§ YOUR TASK
A verbatim repeat of the lines below is required, with the pictures removed.

Saved entries
=== Section Start ===
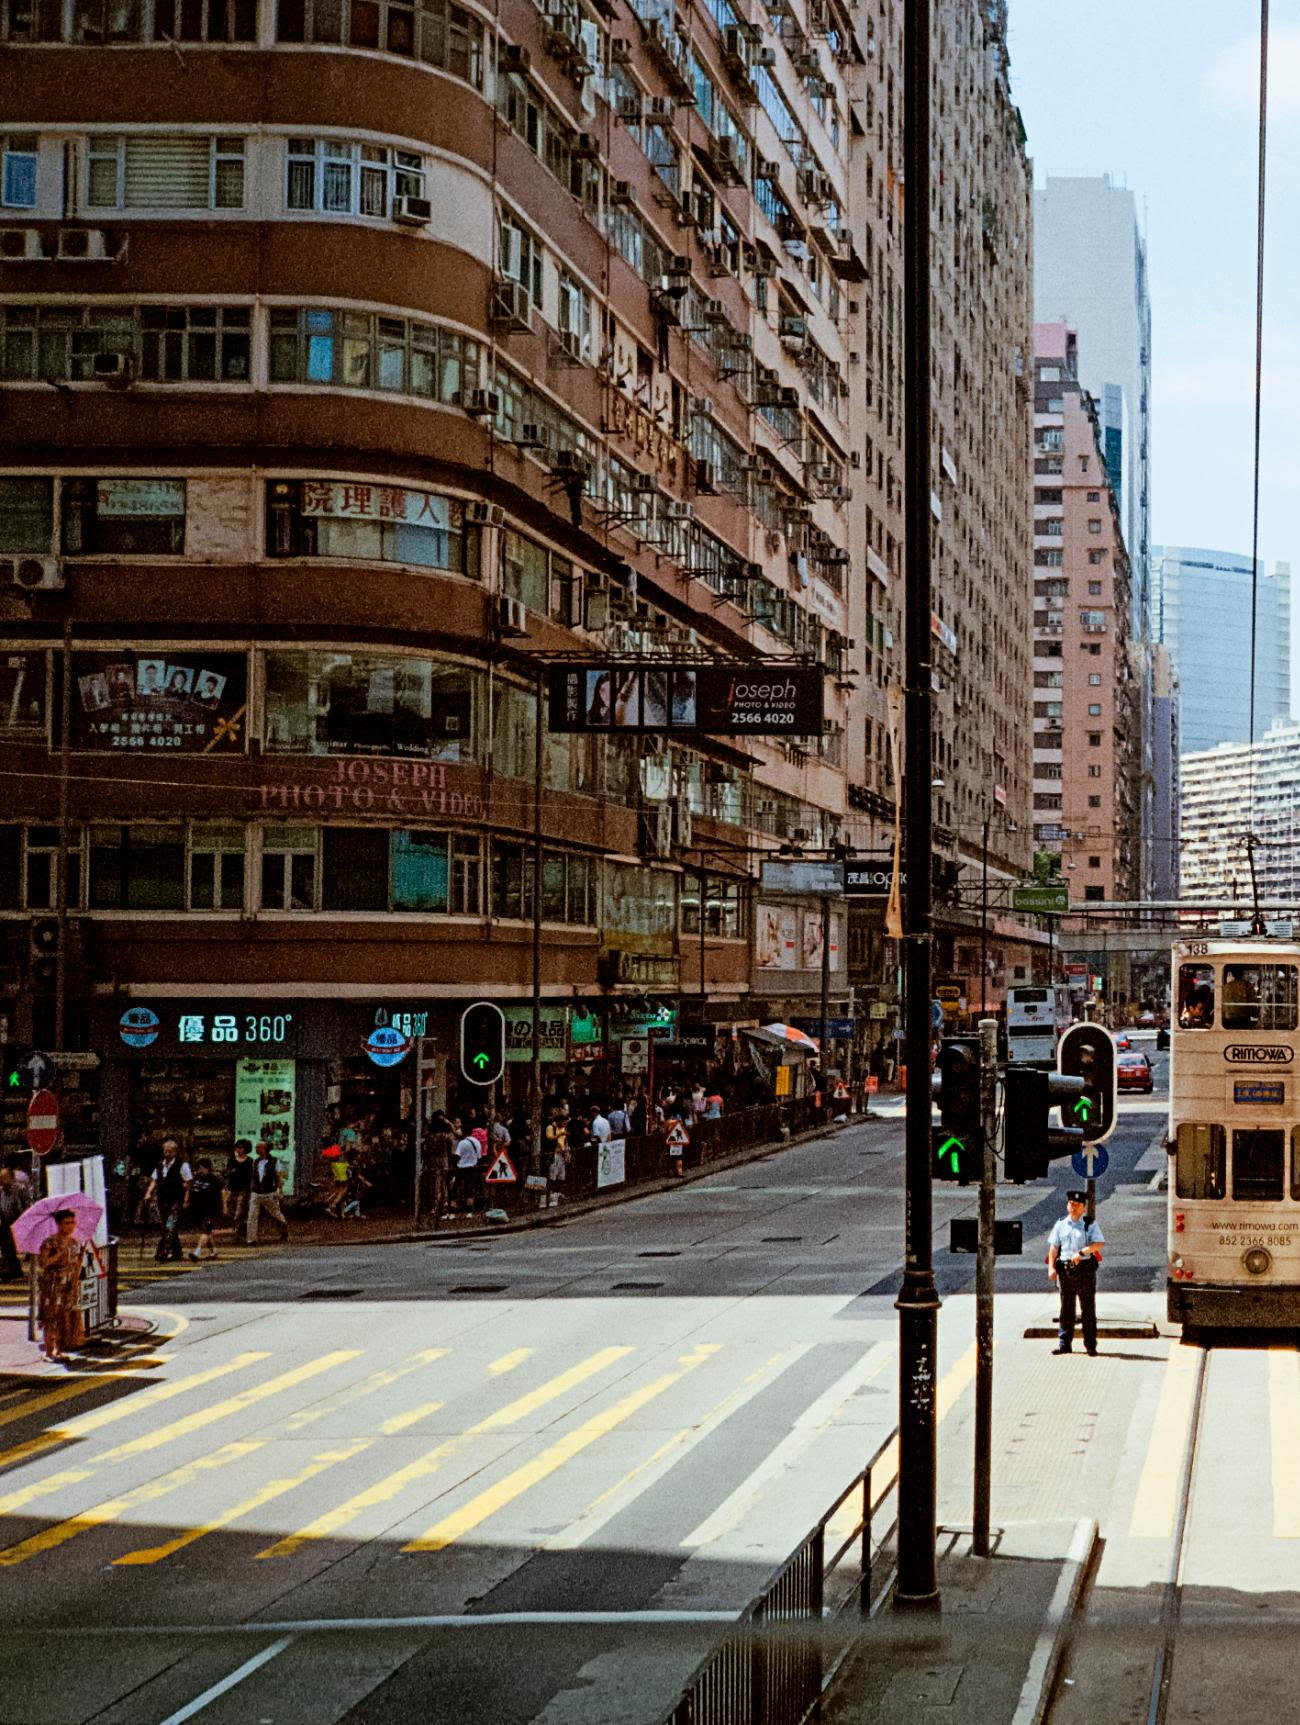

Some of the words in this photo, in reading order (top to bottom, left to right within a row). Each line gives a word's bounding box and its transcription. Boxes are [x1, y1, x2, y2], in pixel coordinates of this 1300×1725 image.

[734, 701, 761, 709] PHOTO
[771, 701, 796, 709] VIDEO
[731, 713, 761, 724] 2566
[764, 713, 794, 724] 4020
[111, 735, 145, 746] 2566
[149, 735, 182, 746] 4020
[336, 760, 447, 789] JOSEPH
[261, 784, 374, 809] PHOTO
[387, 788, 404, 810] &
[422, 790, 487, 820] VIDEO
[1188, 944, 1208, 956] 138
[1232, 1048, 1287, 1060] RIMOWA
[1211, 1221, 1299, 1231] www.rimowa.com
[1219, 1236, 1237, 1246] 852
[1240, 1236, 1265, 1247] 2366
[1267, 1236, 1292, 1247] 8085
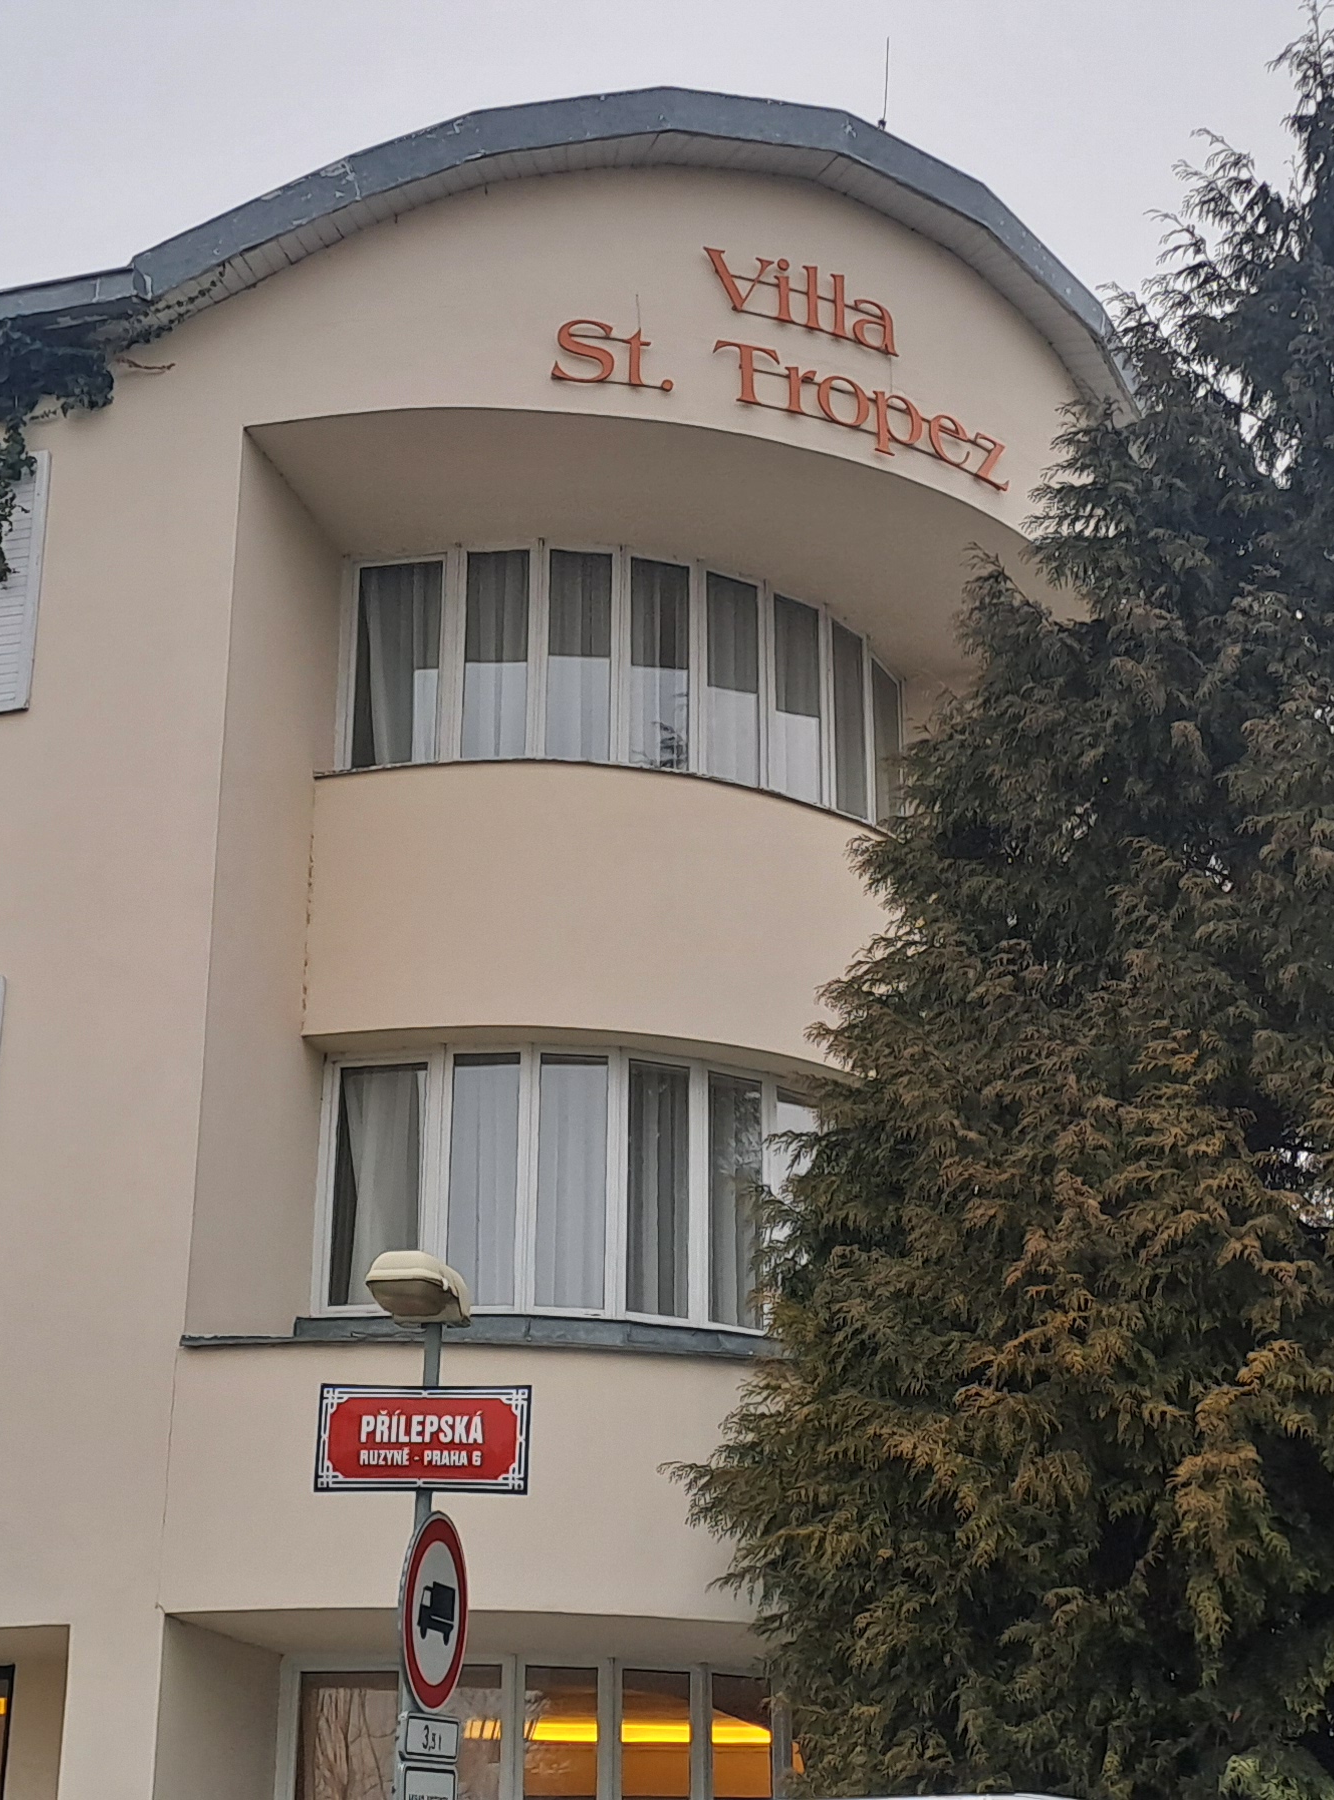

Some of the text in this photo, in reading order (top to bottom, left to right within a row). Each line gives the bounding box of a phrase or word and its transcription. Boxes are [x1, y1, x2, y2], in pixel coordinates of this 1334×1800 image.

[703, 247, 900, 357] Villa
[551, 319, 1010, 492] St. Tropez
[359, 1409, 484, 1444] PŘÍLEPSKÁ
[359, 1446, 411, 1466] RUZYNĚ
[423, 1449, 469, 1466] PRAHA
[471, 1450, 482, 1466] 6
=== Section End ===
§ FINISHED EXERCISE
Some of the words in this photo, in reading order (top to bottom, left to right within a row). Each line gives a word's bounding box and its transcription. Boxes are [x1, y1, x2, y2], in pixel coordinates of this 1300×1725 image.

[734, 701, 761, 709] PHOTO
[771, 701, 796, 709] VIDEO
[731, 713, 761, 724] 2566
[764, 713, 794, 724] 4020
[111, 735, 145, 746] 2566
[149, 735, 182, 746] 4020
[336, 760, 447, 789] JOSEPH
[261, 784, 374, 809] PHOTO
[387, 788, 404, 810] &
[422, 790, 487, 820] VIDEO
[1188, 944, 1208, 956] 138
[1232, 1048, 1287, 1060] RIMOWA
[1211, 1221, 1299, 1231] www.rimowa.com
[1219, 1236, 1237, 1246] 852
[1240, 1236, 1265, 1247] 2366
[1267, 1236, 1292, 1247] 8085

Some of the text in this photo, in reading order (top to bottom, left to right within a row). Each line gives the bounding box of a phrase or word and its transcription. Boxes are [x1, y1, x2, y2], in pixel coordinates of this 1334×1800 image.

[703, 247, 900, 357] Villa
[551, 319, 1010, 492] St. Tropez
[359, 1409, 484, 1444] PŘÍLEPSKÁ
[359, 1446, 411, 1466] RUZYNĚ
[423, 1449, 469, 1466] PRAHA
[471, 1450, 482, 1466] 6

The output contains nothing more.